#### Records provided
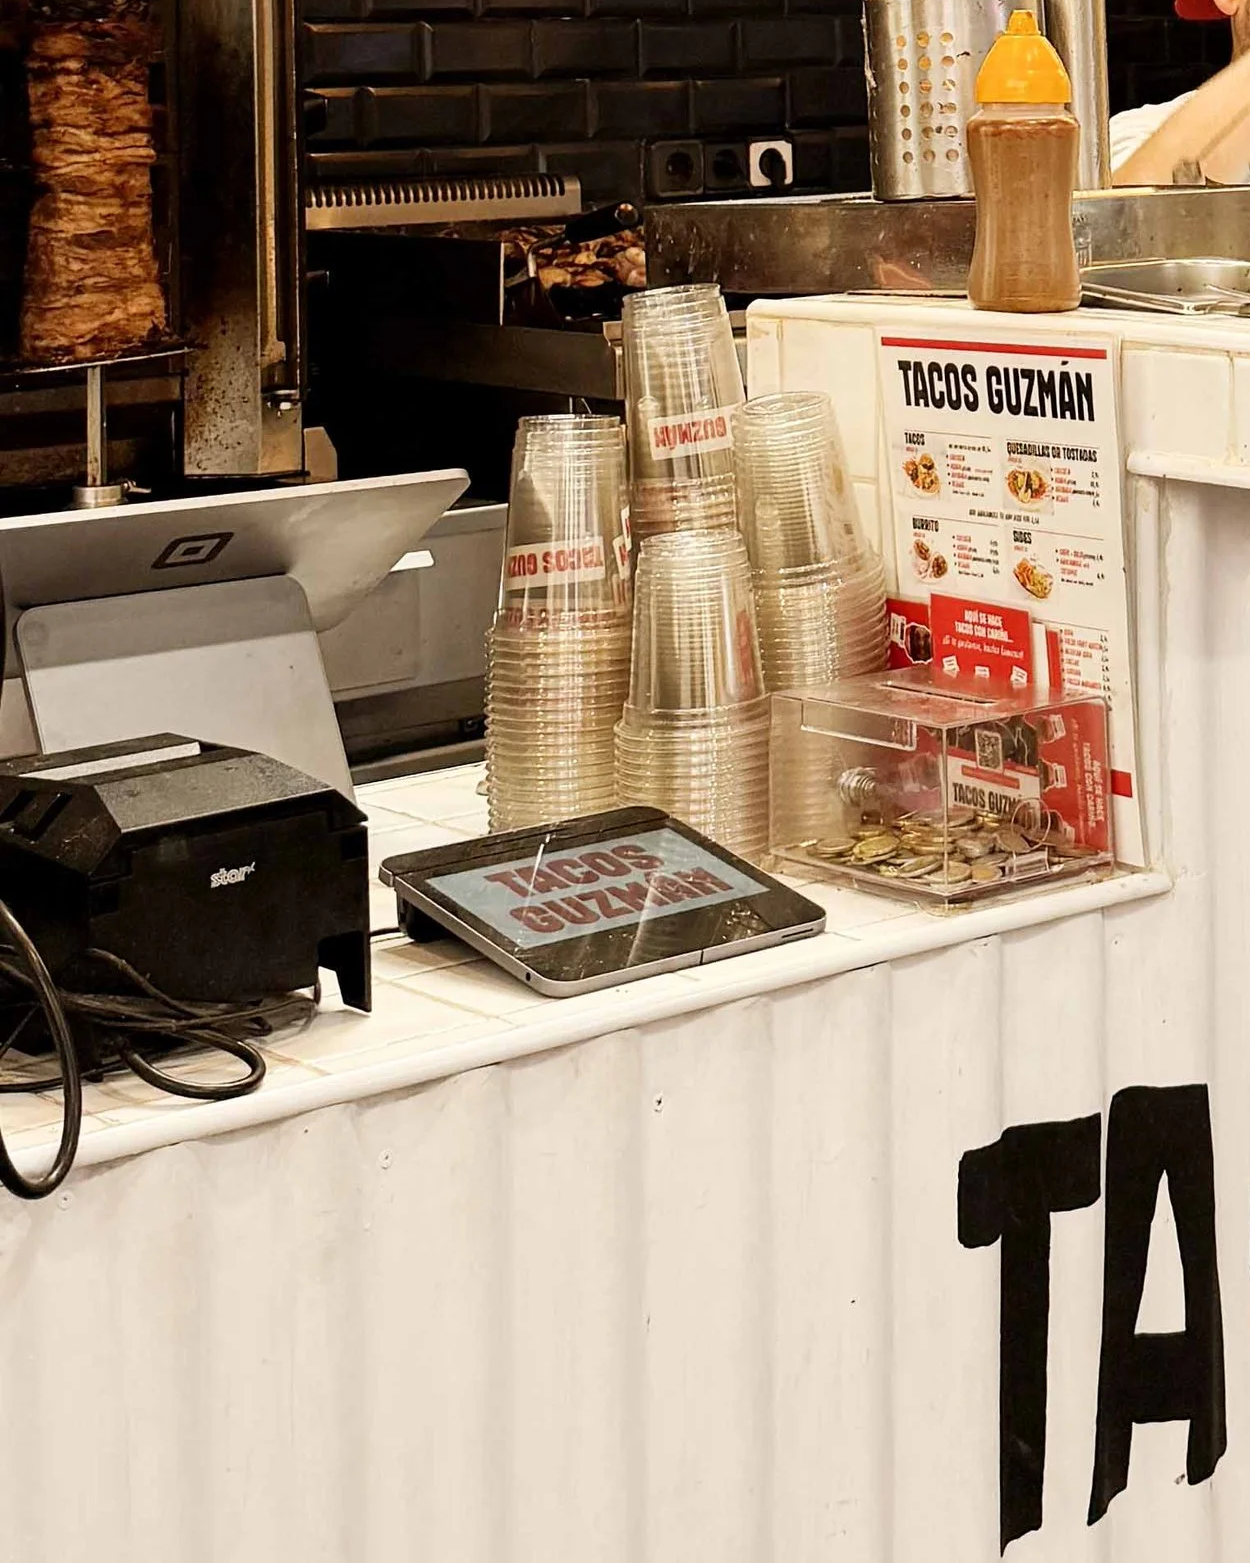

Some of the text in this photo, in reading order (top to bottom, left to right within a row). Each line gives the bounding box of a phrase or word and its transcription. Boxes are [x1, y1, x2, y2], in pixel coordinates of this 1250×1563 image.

[898, 360, 1095, 422] TACOS GUZMÁN
[904, 432, 926, 446] TACOS
[1006, 441, 1051, 458] QUESADILLAS
[1062, 448, 1098, 462] TOSTADAS
[1012, 530, 1032, 544] SIDES
[952, 782, 986, 809] TACOS
[483, 844, 664, 900] TACOS
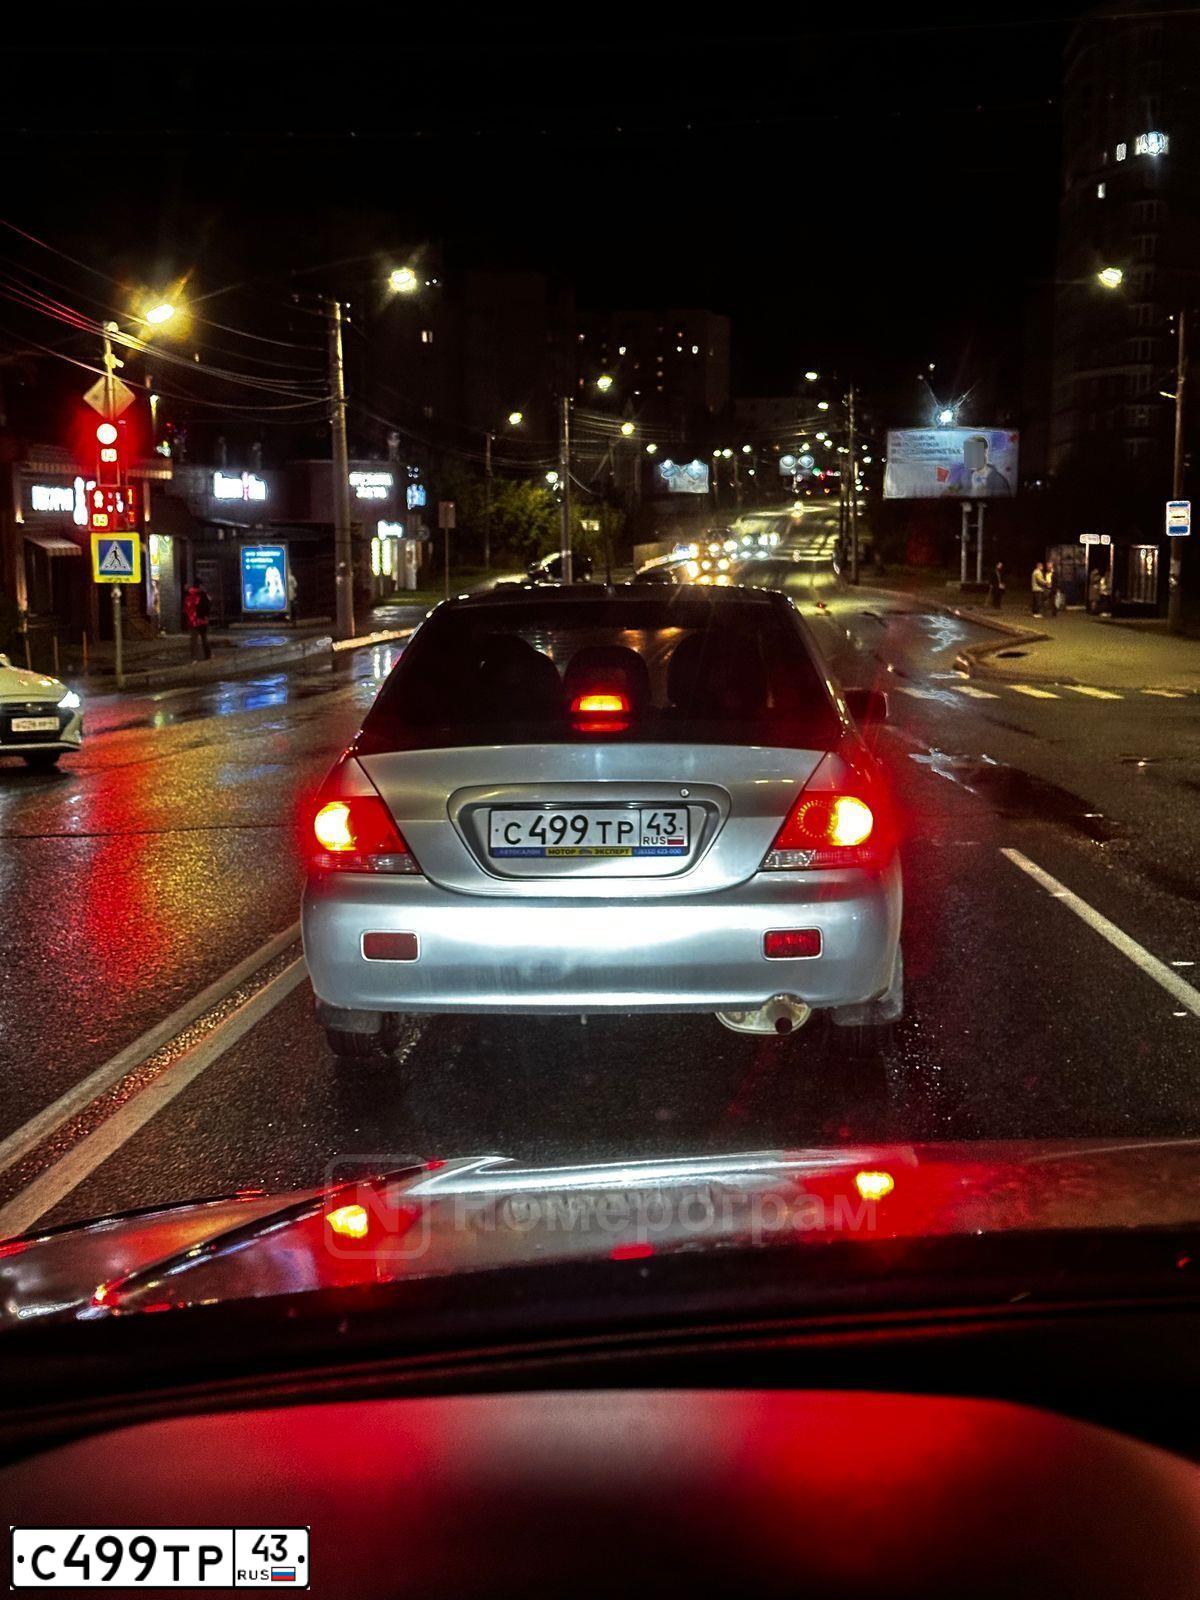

#### Work order
In repeating the entries, exclude the pictures and alter nothing else.

#### Task answer
Some of the text in this photo, in reading order (top to bottom, left to right within a row). Each line gives the bounding box of a phrase or word and its transcription. Boxes are [x1, y1, x2, y2], in pixel coordinates of this 1250×1563 image.

[898, 360, 1095, 422] TACOS GUZMÁN
[904, 432, 926, 446] TACOS
[1006, 441, 1051, 458] QUESADILLAS
[1062, 448, 1098, 462] TOSTADAS
[1012, 530, 1032, 544] SIDES
[952, 782, 986, 809] TACOS
[483, 844, 664, 900] TACOS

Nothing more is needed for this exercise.